### YOUR GOAL
Nothing but the text of the records belongs in your answer: repeat all of it exactly and leave out the images.

### WORKING DATA

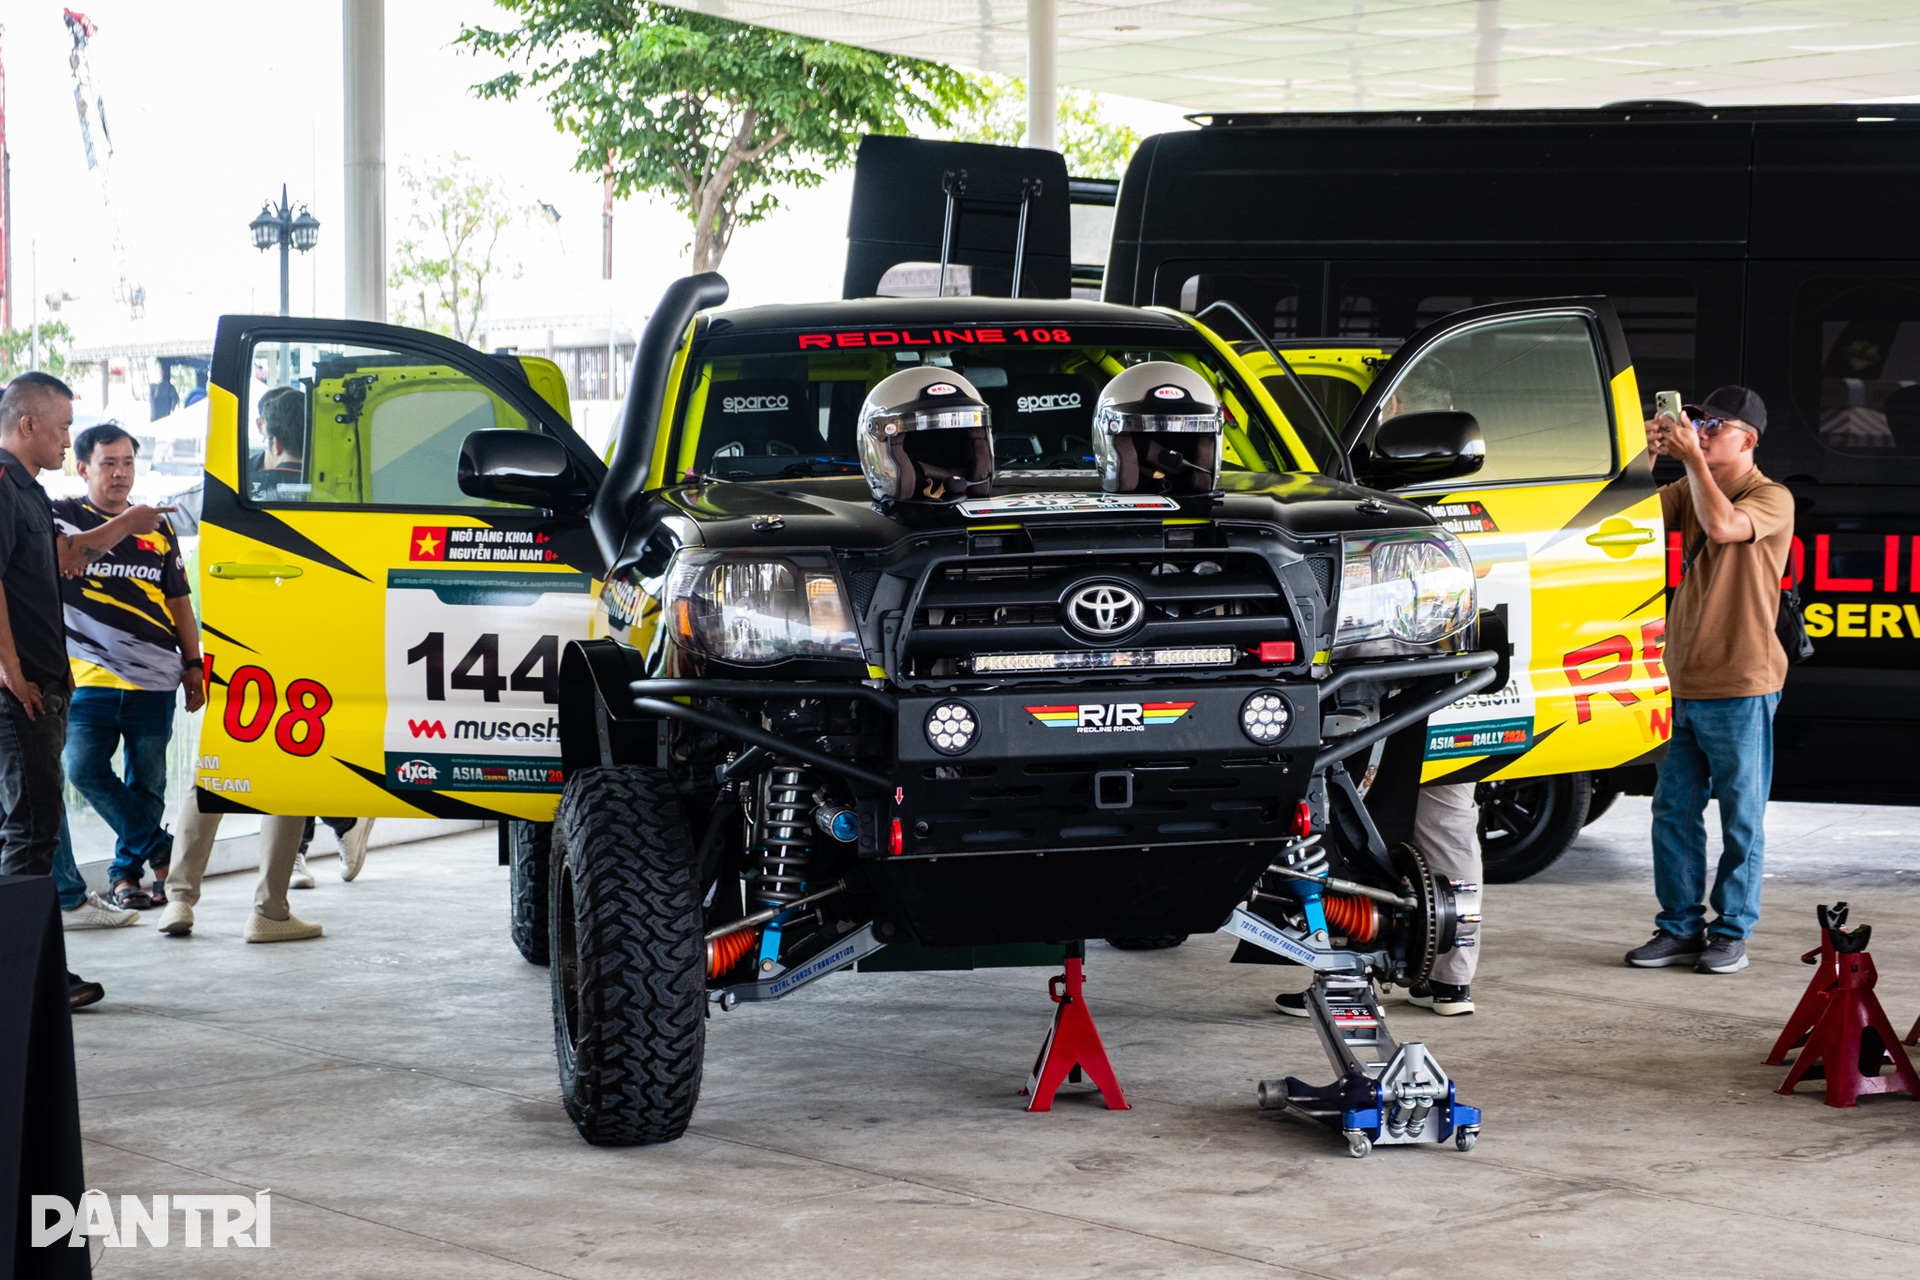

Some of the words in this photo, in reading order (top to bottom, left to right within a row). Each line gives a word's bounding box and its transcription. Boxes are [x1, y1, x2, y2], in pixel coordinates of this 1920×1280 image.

[798, 329, 1006, 349] REDLINE
[1013, 328, 1072, 343] 108
[723, 395, 789, 414] sparco
[1017, 392, 1082, 413] sparco
[1446, 504, 1470, 516] KHOA
[451, 528, 473, 543] NGÔ
[475, 528, 503, 543] ĐĂNG
[505, 531, 534, 544] KHOA
[535, 532, 550, 544] A+
[449, 543, 491, 560] NGUYỄN
[493, 546, 518, 561] HOÀI
[520, 548, 543, 561] NAM
[407, 631, 560, 705] 144
[1078, 703, 1143, 727] R/R
[454, 717, 562, 743] musash
[1429, 735, 1455, 751] ASIA
[1473, 730, 1504, 747] RALLY
[1503, 729, 1527, 744] 2026
[200, 777, 251, 793] TEAM
[452, 766, 483, 781] ASIA
[508, 768, 548, 783] RALLY
[547, 770, 564, 783] 20
[1240, 919, 1259, 935] TOTAL
[1259, 929, 1279, 944] CHAOS
[1278, 939, 1316, 963] FABRICATION
[769, 979, 791, 995] TOTAL
[791, 968, 812, 984] CHAOS
[813, 945, 855, 973] FABRICATION

### ANSWER BOX
Some of the words in this photo, in reading order (top to bottom, left to right within a row). Each line gives a word's bounding box and its transcription. Boxes are [x1, y1, x2, y2], in pixel coordinates of this 1920×1280 image.

[798, 329, 1006, 349] REDLINE
[1013, 328, 1072, 343] 108
[723, 395, 789, 414] sparco
[1017, 392, 1082, 413] sparco
[1446, 504, 1470, 516] KHOA
[451, 528, 473, 543] NGÔ
[475, 528, 503, 543] ĐĂNG
[505, 531, 534, 544] KHOA
[535, 532, 550, 544] A+
[449, 543, 491, 560] NGUYỄN
[493, 546, 518, 561] HOÀI
[520, 548, 543, 561] NAM
[407, 631, 560, 705] 144
[1078, 703, 1143, 727] R/R
[454, 717, 562, 743] musash
[1429, 735, 1455, 751] ASIA
[1473, 730, 1504, 747] RALLY
[1503, 729, 1527, 744] 2026
[200, 777, 251, 793] TEAM
[452, 766, 483, 781] ASIA
[508, 768, 548, 783] RALLY
[547, 770, 564, 783] 20
[1240, 919, 1259, 935] TOTAL
[1259, 929, 1279, 944] CHAOS
[1278, 939, 1316, 963] FABRICATION
[769, 979, 791, 995] TOTAL
[791, 968, 812, 984] CHAOS
[813, 945, 855, 973] FABRICATION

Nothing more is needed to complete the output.